**What to do**
Every record below is to be copied exactly, with its images omitted.

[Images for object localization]

——————

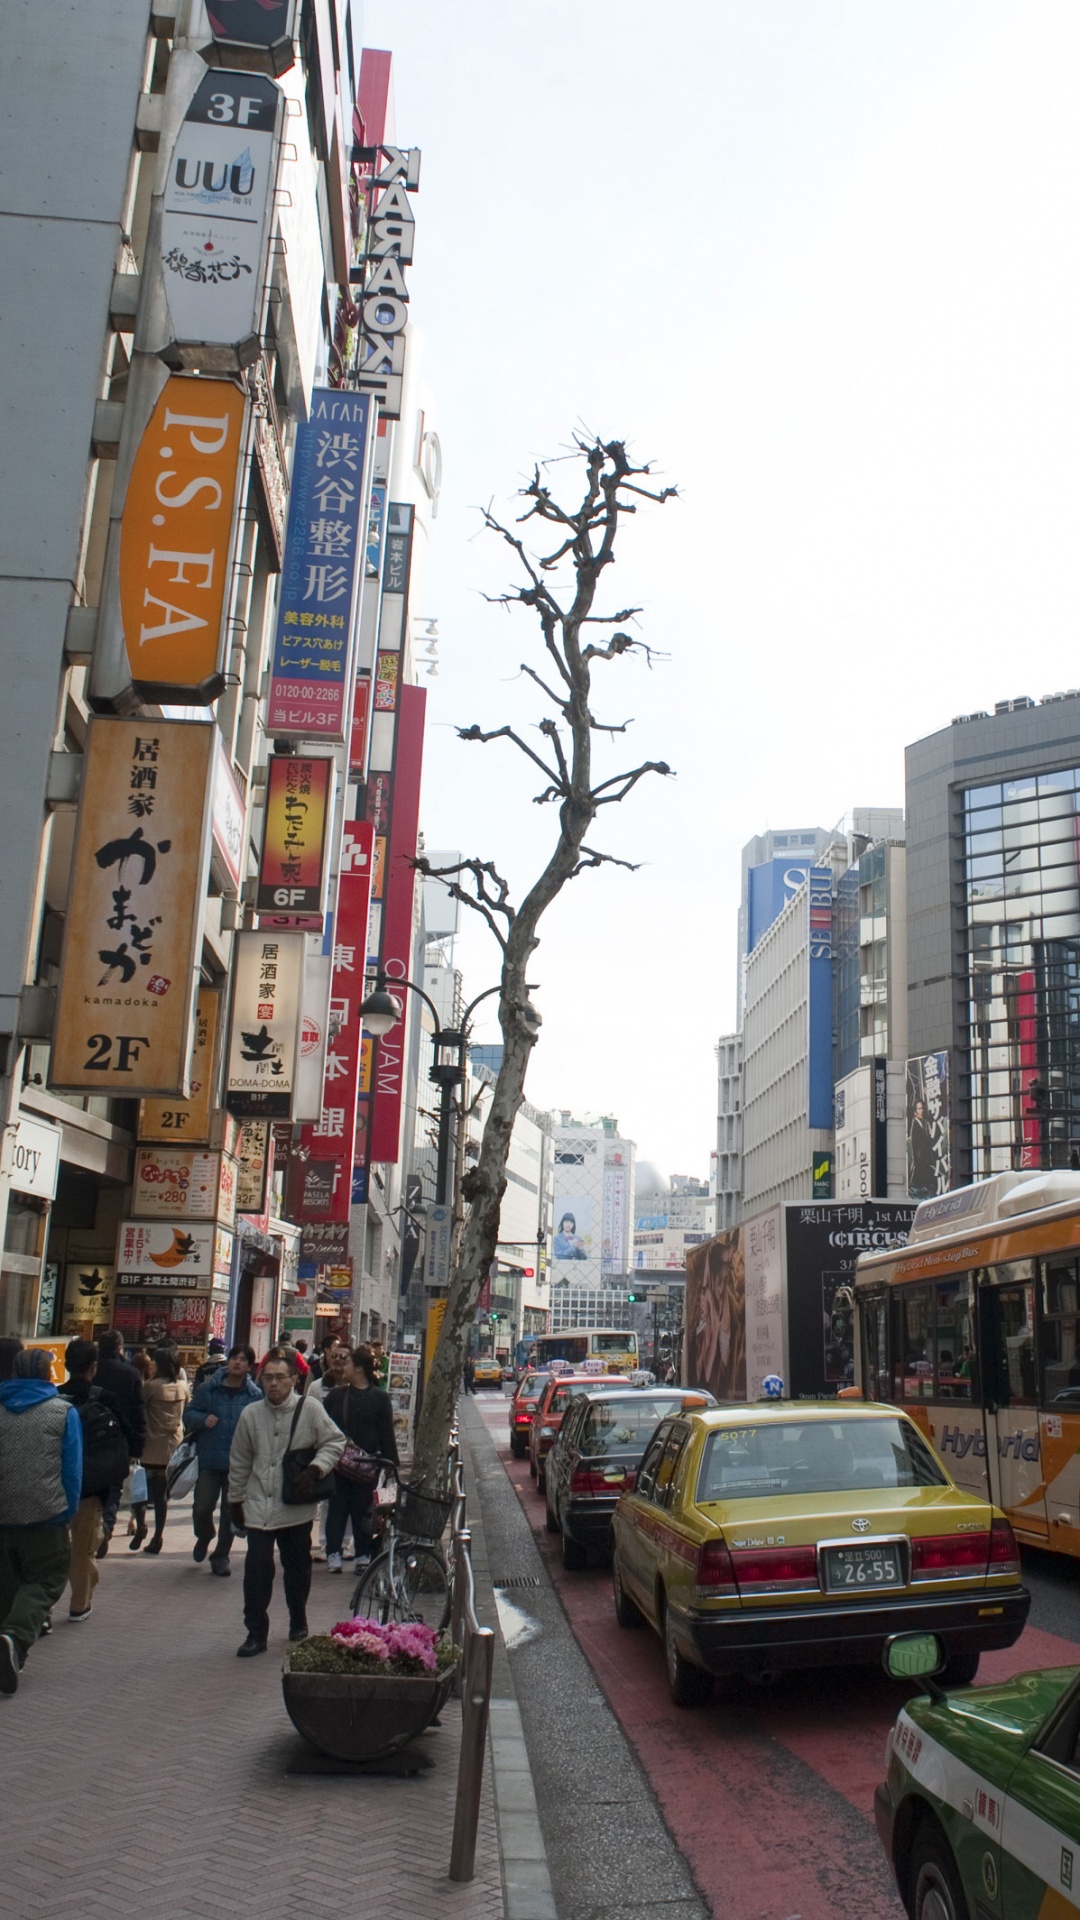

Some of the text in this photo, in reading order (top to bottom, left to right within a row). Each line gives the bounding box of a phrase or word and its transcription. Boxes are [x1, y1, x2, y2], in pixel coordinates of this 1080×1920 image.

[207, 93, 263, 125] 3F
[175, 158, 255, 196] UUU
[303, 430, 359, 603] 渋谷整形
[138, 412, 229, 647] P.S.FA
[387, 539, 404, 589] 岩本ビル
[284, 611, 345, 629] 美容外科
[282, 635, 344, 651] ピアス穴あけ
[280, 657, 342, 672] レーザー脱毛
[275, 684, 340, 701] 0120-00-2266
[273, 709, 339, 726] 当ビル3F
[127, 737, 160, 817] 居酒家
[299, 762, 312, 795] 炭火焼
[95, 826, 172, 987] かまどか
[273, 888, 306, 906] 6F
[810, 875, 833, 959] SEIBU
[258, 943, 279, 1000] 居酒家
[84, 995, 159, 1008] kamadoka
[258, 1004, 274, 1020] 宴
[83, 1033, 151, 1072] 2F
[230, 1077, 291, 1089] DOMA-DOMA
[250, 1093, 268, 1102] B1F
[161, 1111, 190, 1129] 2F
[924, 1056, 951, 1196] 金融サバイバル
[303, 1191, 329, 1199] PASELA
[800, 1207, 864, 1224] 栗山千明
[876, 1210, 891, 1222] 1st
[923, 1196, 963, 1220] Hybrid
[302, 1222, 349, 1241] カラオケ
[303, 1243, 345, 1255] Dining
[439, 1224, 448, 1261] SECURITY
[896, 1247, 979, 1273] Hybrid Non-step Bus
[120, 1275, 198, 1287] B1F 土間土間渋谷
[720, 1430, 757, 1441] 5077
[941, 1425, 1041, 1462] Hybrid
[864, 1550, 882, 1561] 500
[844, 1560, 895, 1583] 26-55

——————

**Output**
Some of the text in this photo, in reading order (top to bottom, left to right within a row). Each line gives the bounding box of a phrase or word and its transcription. Boxes are [x1, y1, x2, y2], in pixel coordinates of this 1080×1920 image.

[207, 93, 263, 125] 3F
[175, 158, 255, 196] UUU
[303, 430, 359, 603] 渋谷整形
[138, 412, 229, 647] P.S.FA
[387, 539, 404, 589] 岩本ビル
[284, 611, 345, 629] 美容外科
[282, 635, 344, 651] ピアス穴あけ
[280, 657, 342, 672] レーザー脱毛
[275, 684, 340, 701] 0120-00-2266
[273, 709, 339, 726] 当ビル3F
[127, 737, 160, 817] 居酒家
[299, 762, 312, 795] 炭火焼
[95, 826, 172, 987] かまどか
[273, 888, 306, 906] 6F
[810, 875, 833, 959] SEIBU
[258, 943, 279, 1000] 居酒家
[84, 995, 159, 1008] kamadoka
[258, 1004, 274, 1020] 宴
[83, 1033, 151, 1072] 2F
[230, 1077, 291, 1089] DOMA-DOMA
[250, 1093, 268, 1102] B1F
[161, 1111, 190, 1129] 2F
[924, 1056, 951, 1196] 金融サバイバル
[303, 1191, 329, 1199] PASELA
[800, 1207, 864, 1224] 栗山千明
[876, 1210, 891, 1222] 1st
[923, 1196, 963, 1220] Hybrid
[302, 1222, 349, 1241] カラオケ
[303, 1243, 345, 1255] Dining
[439, 1224, 448, 1261] SECURITY
[896, 1247, 979, 1273] Hybrid Non-step Bus
[120, 1275, 198, 1287] B1F 土間土間渋谷
[720, 1430, 757, 1441] 5077
[941, 1425, 1041, 1462] Hybrid
[864, 1550, 882, 1561] 500
[844, 1560, 895, 1583] 26-55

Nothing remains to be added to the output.